Rites for Gods and Dogs by Luna Montenegro & Adrian Fisher at Cecilia Brunson Projects

Luna Montenegro and Adrian Fisher, Cecilia Brunson Projects

The opening performance by Luna Montenegro and Adrian Fisher, Rites for Gods and Dogs, Cecilia Brunson Projects, photo by Patrick Dodds


 Luna Montenegro & Adrian Fisher, Cecilia Brunson Projects

The opening performance by Luna Montenegro & Adrian Fisher, Rites for Gods and Dogs, Cecilia Brunson Projects, photo by Patrick Dodds


In 1471, after obtaining leave from the Pope to live in solitude and focus on his studies in Hermetic Art, George Ripley wrote The Compound of Alchemy. In his treatise, Ripley describes the twelve ‘gates’ necessary to make the ‘Philosophers Stone’, the legendary substance that can turn base metals into gold and silver, and possess the ability to confer long life or immortality.

Last week, at the opening of their exhibition Rites for Gods and Dogs at Cecilia Brunson Projects, Luna Montenegro and Adrian Fisher enacted a performance, which contemporized elements relating to each of Ripley’s twelve gates. In essence viewers or participants were immersed in a kind of rhapsody of the visceral, or a momentary exoneration of the ‘Real’. Enacted outside the gallery in the cold, dark night, the performance took a ritualistic tone with actions such as the virile dance of a martial arts movement, a feather brushed against the swollen belly of a pregnant woman, the ingestion and regurgitation of sustenance to form a transformative concoction, and milk being egested from a mouth down a breast. These actions were set to the improvised melody of musicians, which mingled amongst the audience, the sound drifting through the night like the soft rustling of the wind.

Like Ripley’s The Compound of Alchemy, ancient rituals – as well as more contemporary cultural practices – inform the artists’ work. Their practice, a collective known as mmmmm formed in 2000 by the two artists, explores presence and consumption through the body, identity and desire. Their work involves performance, sculpture, video and photography; the latter often the starting point of their investigations, with objects and documentation from past performances reordered and reconstituted to form new works.

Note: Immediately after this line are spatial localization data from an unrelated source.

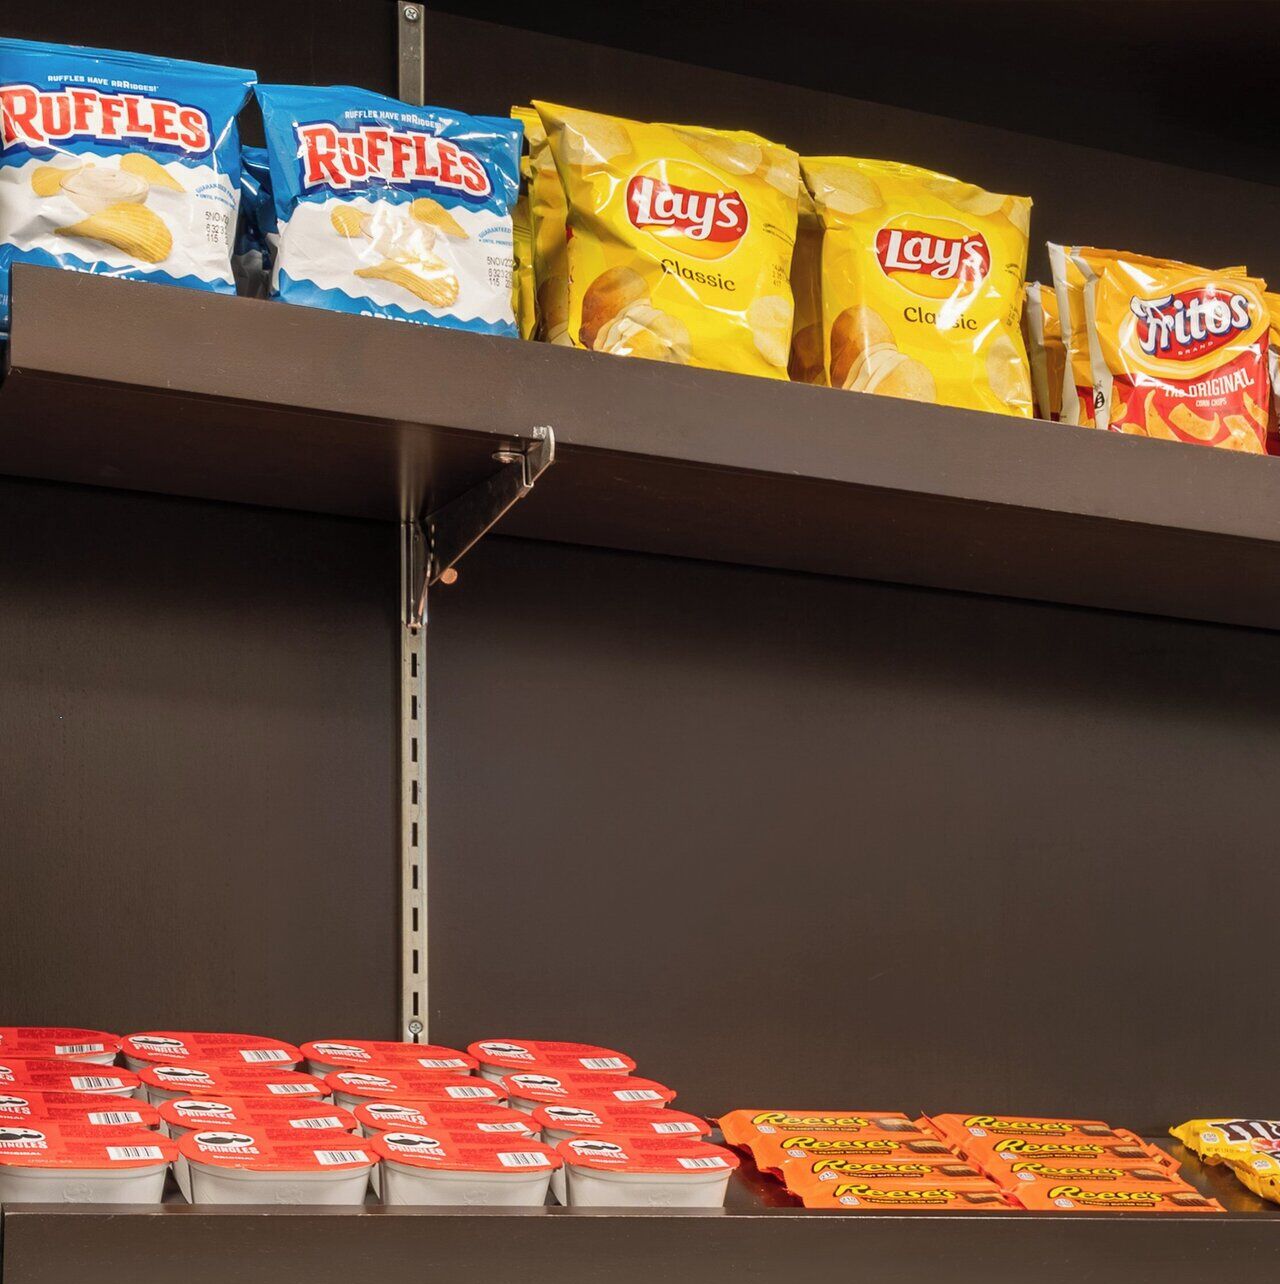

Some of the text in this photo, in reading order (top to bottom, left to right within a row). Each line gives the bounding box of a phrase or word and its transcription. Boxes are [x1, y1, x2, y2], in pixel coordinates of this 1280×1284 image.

[47, 75, 109, 86] RUFFLES HAVE
[0, 87, 209, 149] RUFFLES
[344, 110, 399, 121] RUFFLES HAVE
[302, 127, 488, 192] RUFFLES
[632, 173, 742, 240] Lay's
[887, 230, 987, 280] Lay's
[661, 258, 737, 293] Classic
[903, 306, 979, 332] Clasic
[1129, 293, 1252, 356] Fritos
[1177, 341, 1214, 356] BRAND
[1188, 367, 1255, 398] ORIGINAL
[1195, 397, 1228, 408] CORN CHIPS
[134, 1043, 190, 1056] PRINGLES
[177, 1109, 237, 1121] PRINGLES
[371, 1112, 429, 1126] PRINGLES
[751, 1111, 871, 1128] Reese's
[963, 1115, 1075, 1132] Reese's
[198, 1143, 260, 1156] PRINGLES
[387, 1143, 447, 1157] PRINGLES
[780, 1135, 902, 1150] Reese's
[993, 1137, 1107, 1155] Reese's
[574, 1148, 630, 1160] PRINGLES
[811, 1158, 934, 1174] Reese's
[1010, 1161, 1126, 1178] Reese's
[833, 1183, 958, 1200] Reese's
[1047, 1185, 1164, 1203] Reese's
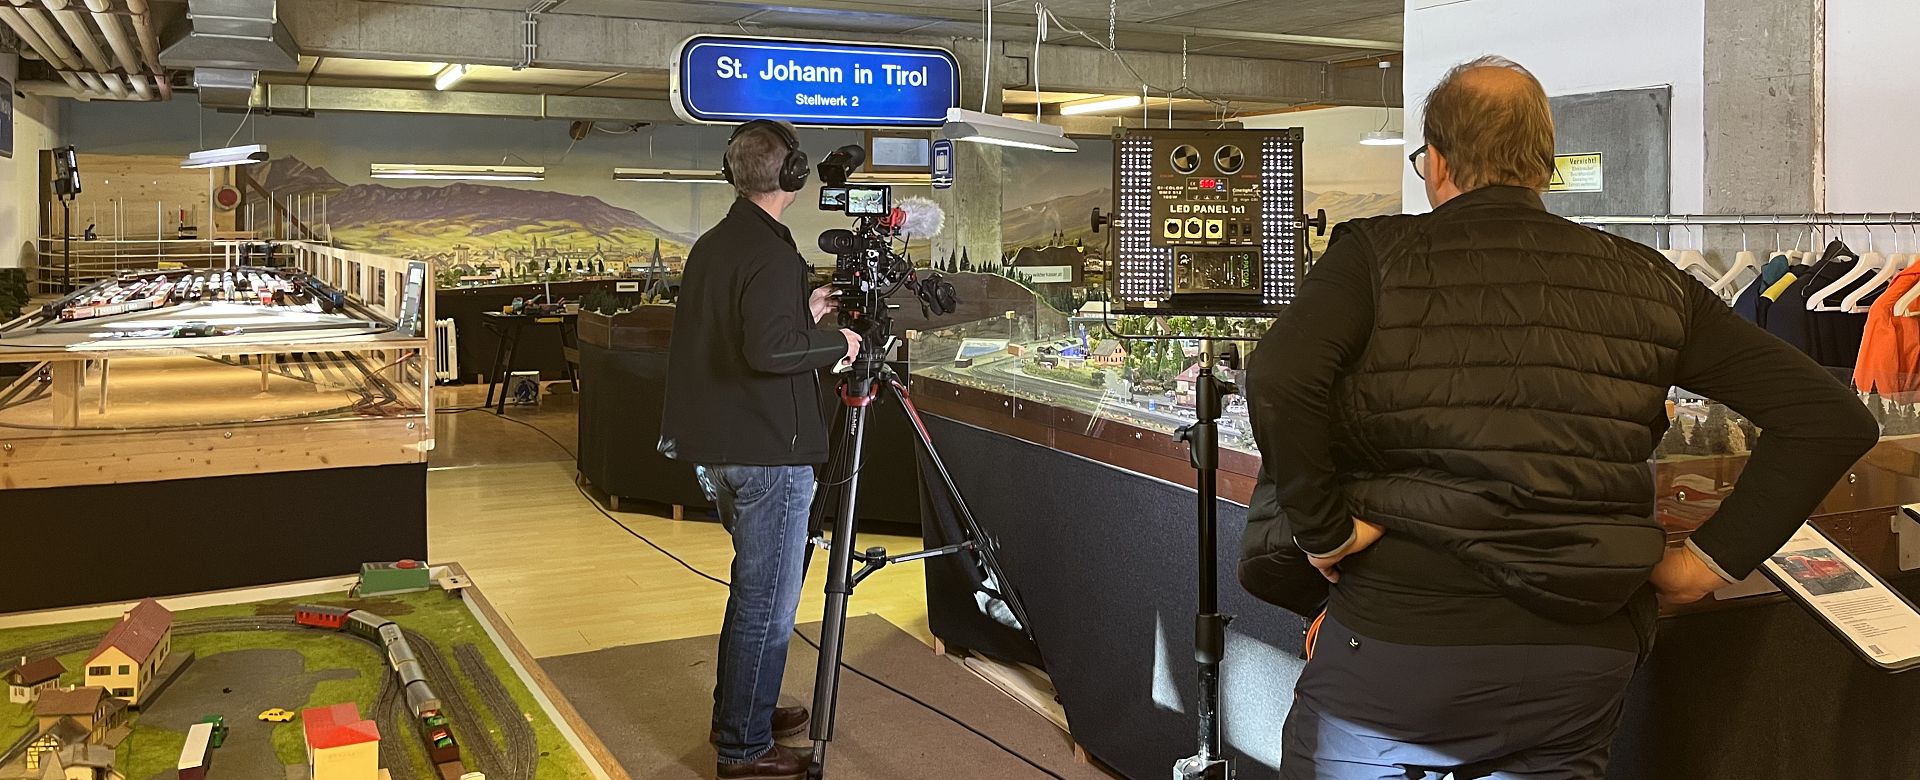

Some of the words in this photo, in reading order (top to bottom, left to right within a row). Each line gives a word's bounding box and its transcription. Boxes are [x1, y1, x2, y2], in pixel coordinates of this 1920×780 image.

[716, 56, 748, 79] St.
[759, 58, 843, 83] Johann
[854, 64, 873, 84] in
[881, 64, 927, 87] Tirol
[795, 94, 847, 107] Stellwerk
[851, 96, 859, 107] 2
[1170, 205, 1190, 213] LED
[1193, 205, 1229, 213] PANEL
[1231, 205, 1245, 214] 1x1
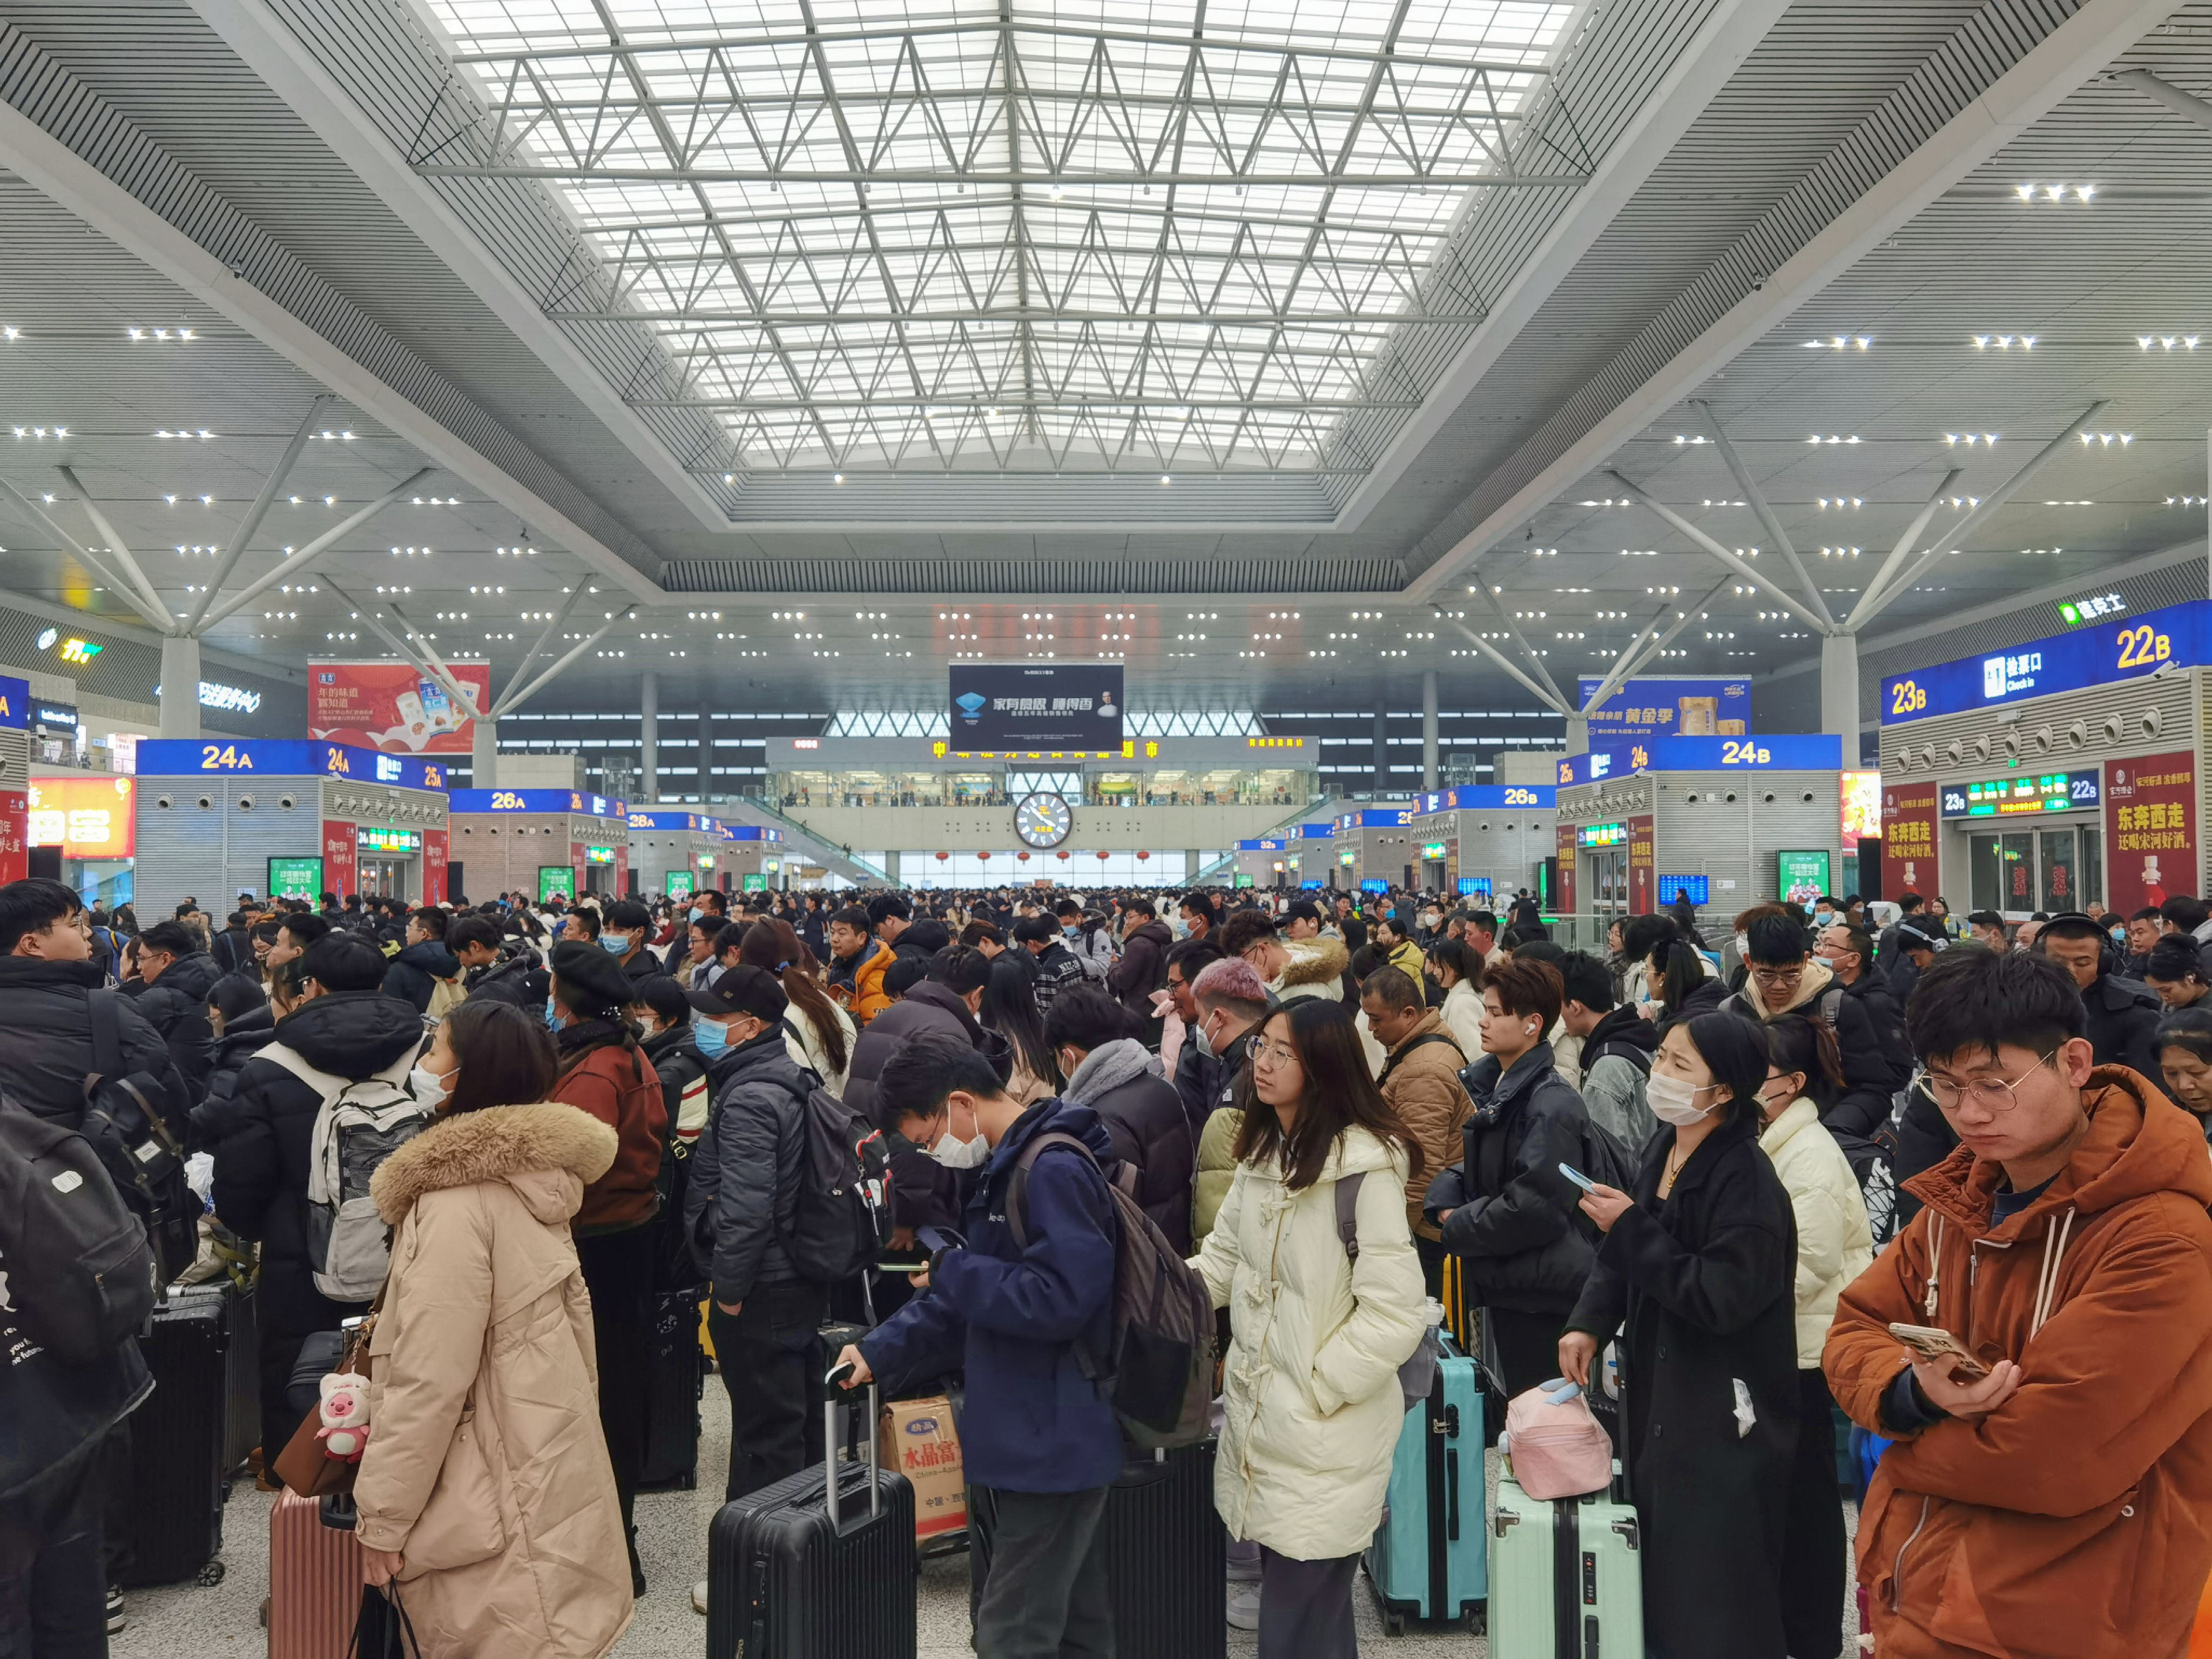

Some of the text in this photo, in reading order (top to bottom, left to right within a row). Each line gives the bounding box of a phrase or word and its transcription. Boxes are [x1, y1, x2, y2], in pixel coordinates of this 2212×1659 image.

[2117, 625, 2171, 669] 22B
[2007, 652, 2041, 677] 检票口
[2007, 679, 2026, 692] Check
[993, 698, 1093, 710] 家有慕思 睡得香
[1892, 680, 1926, 714] 23B
[1625, 708, 1673, 724] 黄金季
[201, 745, 253, 769] 24A
[328, 748, 350, 773] 24A
[1631, 745, 1648, 768] 24B
[1722, 741, 1771, 764] 24B
[424, 766, 442, 787] 25A
[1560, 764, 1573, 783] 25B
[1505, 788, 1538, 805] 26B
[2072, 780, 2096, 799] 22B
[491, 792, 526, 809] 26A
[1945, 793, 1965, 811] 23B
[629, 814, 655, 827] 28A
[2117, 802, 2185, 831] 东奔西走
[1889, 821, 1931, 842] 东奔西走
[2118, 831, 2191, 851] 还喝宋河好酒。
[902, 1440, 961, 1469] 水晶富

As such, Rites for gods and dogs, is a kind of reliquary from previous performances, but also entity in its own right. Works appear disparate, consisting of eclectic array of materials and objects: a mélange of ties coiled like snakes, a mass of cast index fingers arranged in a circle, hair suspended from the ceiling arranged as beards, to cite a few examples. They constitute a cornucopia of the uncanny; everyday objects with their meaning displaced. Here the transformative element of the artists’ performances is present somehow, infused into the materiality of these objects like creatures from an animist world.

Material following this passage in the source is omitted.